Concerns, however, have been voiced with regards to some of the requirements of EN45545-2, as consequences of emissions during and after a fire become equally as important as flame retardancy in the new standard.
“Our customers are concerned that these new standards show partially opposed requirements,” said Jorg Stumbaum, technical marketing manager, high performance elastomers business line CR/EVM at Lanxess.
A rubber part, he explained, has to have good flame retardancy, good high-temperature resistance (for long service time), good low temperature flexibility (to be used in colder regions of Europe), good physical properties (high tensile strength, low abrasion), sometimes good oil resistance and of course it must be cheap.
The difficulty, Stumbaum added, is to find the best compromise between all requirements.
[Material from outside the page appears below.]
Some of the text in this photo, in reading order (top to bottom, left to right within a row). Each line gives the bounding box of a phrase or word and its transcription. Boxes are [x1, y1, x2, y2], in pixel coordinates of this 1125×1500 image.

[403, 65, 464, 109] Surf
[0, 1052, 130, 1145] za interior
It is not one size fits all, as Hubert Butterwegge, head of marketing and sales EMEA/Asia/Pacific at ContiTech Industrial Fluid Systems put it.
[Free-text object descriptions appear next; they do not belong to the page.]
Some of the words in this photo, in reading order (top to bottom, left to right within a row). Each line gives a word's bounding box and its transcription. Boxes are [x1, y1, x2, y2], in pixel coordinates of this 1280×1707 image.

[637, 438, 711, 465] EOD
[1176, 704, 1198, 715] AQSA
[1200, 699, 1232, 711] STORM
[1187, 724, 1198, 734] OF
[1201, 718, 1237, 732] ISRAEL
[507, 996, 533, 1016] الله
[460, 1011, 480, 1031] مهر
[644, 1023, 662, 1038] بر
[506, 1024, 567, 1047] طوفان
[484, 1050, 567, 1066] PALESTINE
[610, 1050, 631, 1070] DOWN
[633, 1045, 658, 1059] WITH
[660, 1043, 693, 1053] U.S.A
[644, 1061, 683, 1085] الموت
“We experience time and again that customers are searching for products that fulfil – in all their component parts – the European fire safety standard EN 45545. But it is quite difficult to meet all criteria because some flame retardants release toxins, for example,” he said.
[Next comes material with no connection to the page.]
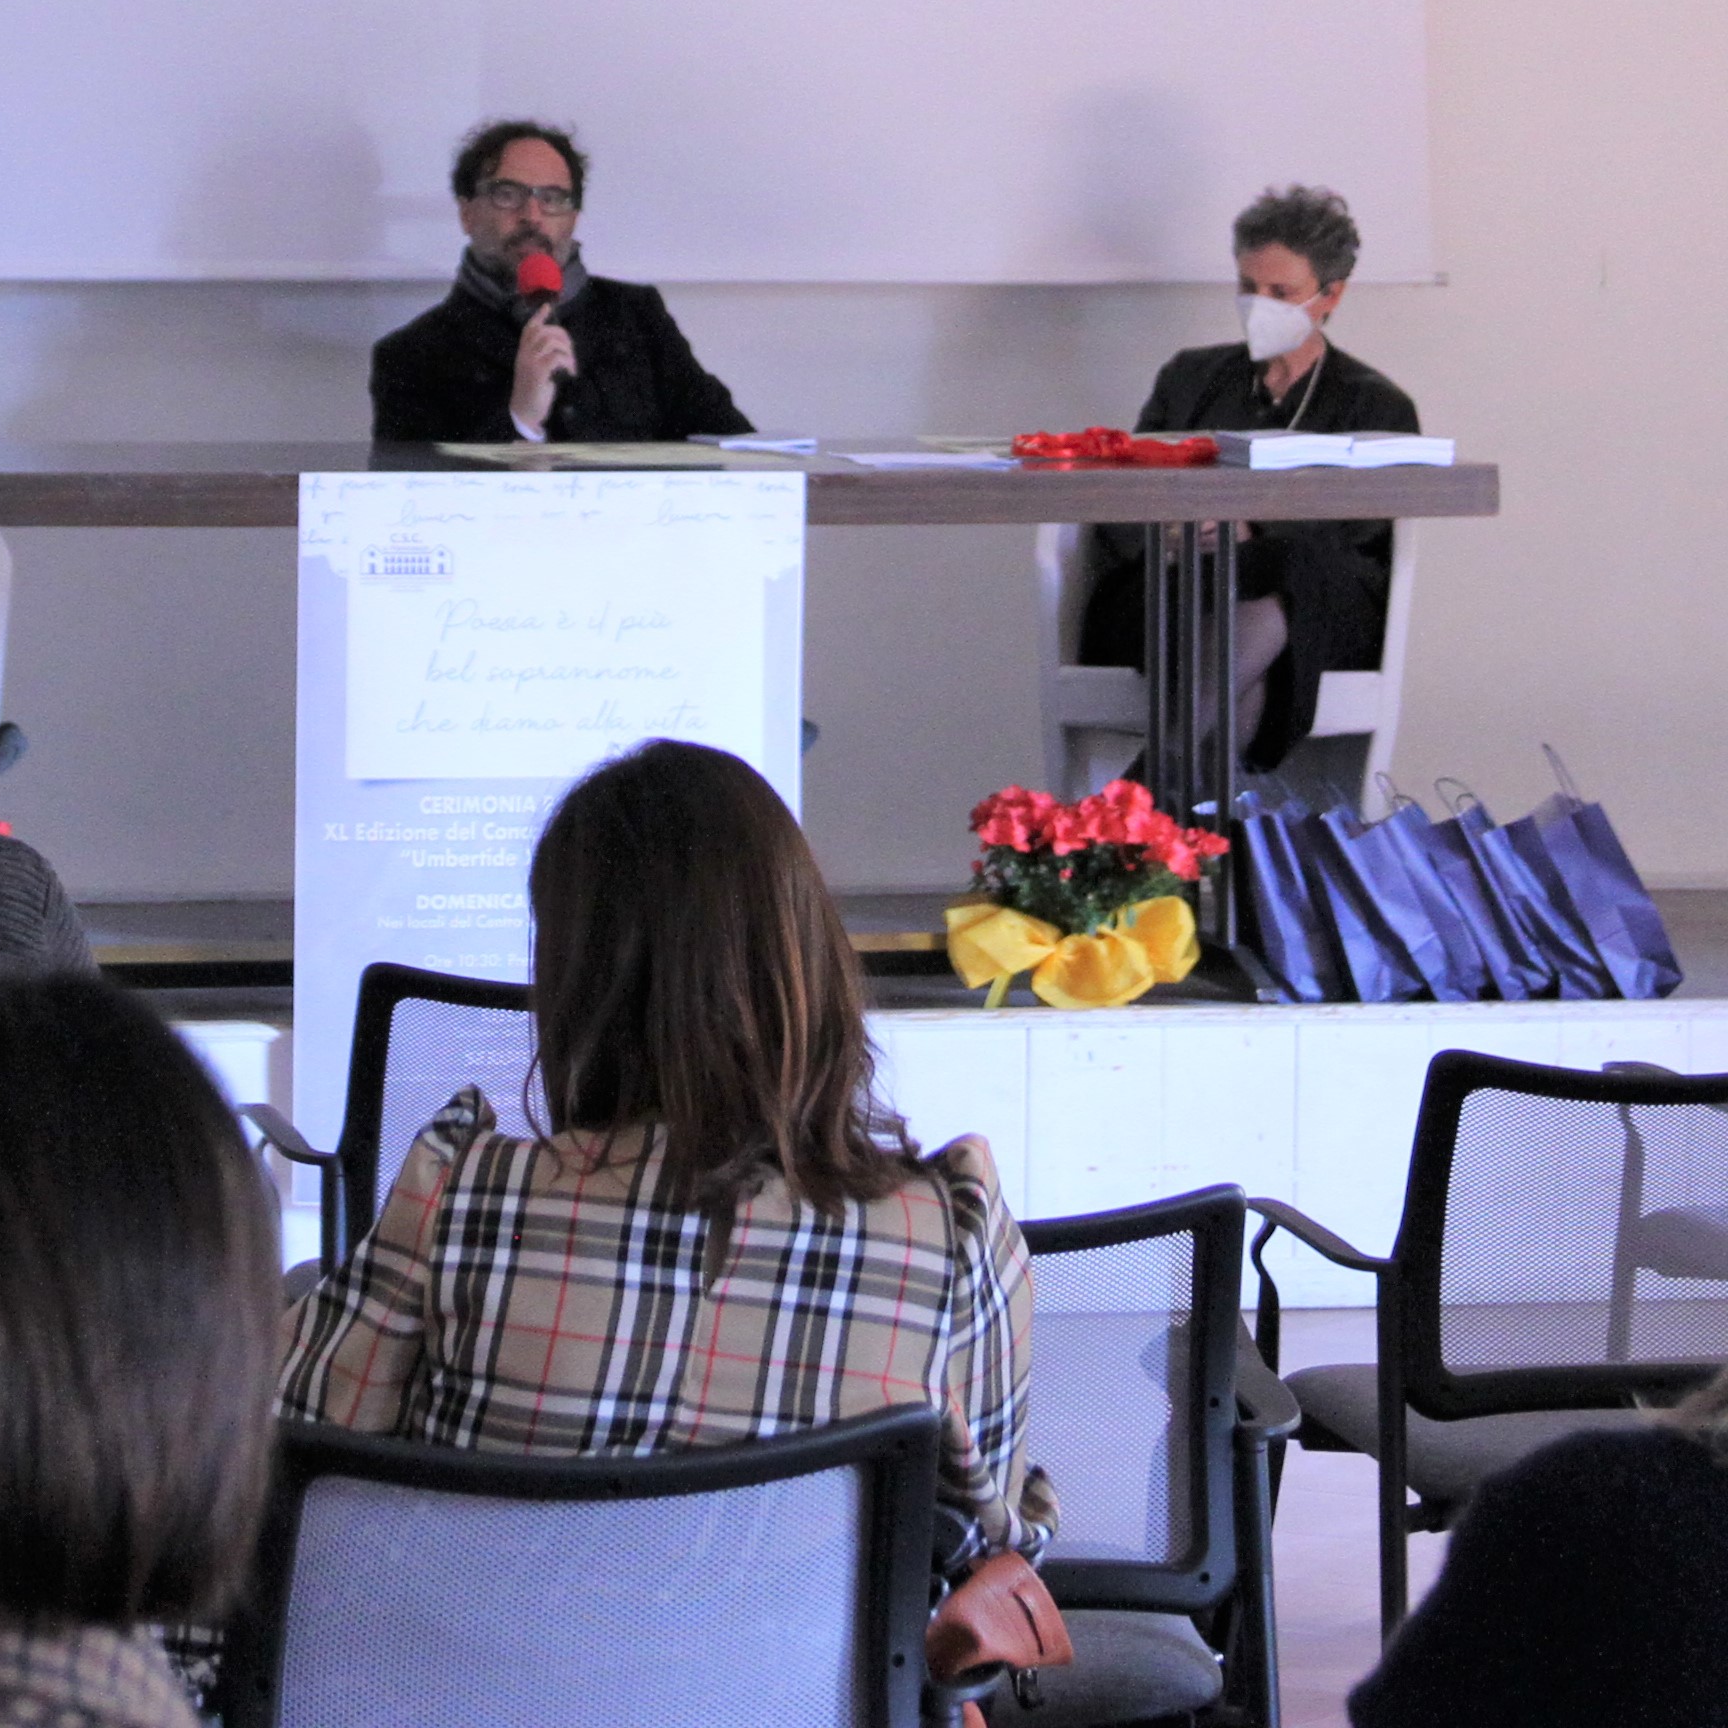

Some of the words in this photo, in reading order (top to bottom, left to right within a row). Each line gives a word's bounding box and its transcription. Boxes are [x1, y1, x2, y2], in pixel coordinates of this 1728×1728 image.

According to Butterwegge rubber products need to fulfil their actual functions in addition to the fire standards. And for the “actual functions” it is important to meet other standards too.
For example, explains Butterwegge, hydraulic standards and the requirements from the International Union of Railways (UIC) are often a particular difficulty.
Another point of frustration for ContiTech is that customers do not appreciate problems with conflicting requirements.
“That is to say, they still don’t see a conflict with competing parameters like low-temperature flexibility, predetermined dimensions and elongation properties from the material; and the EN 45545-2,” he explained.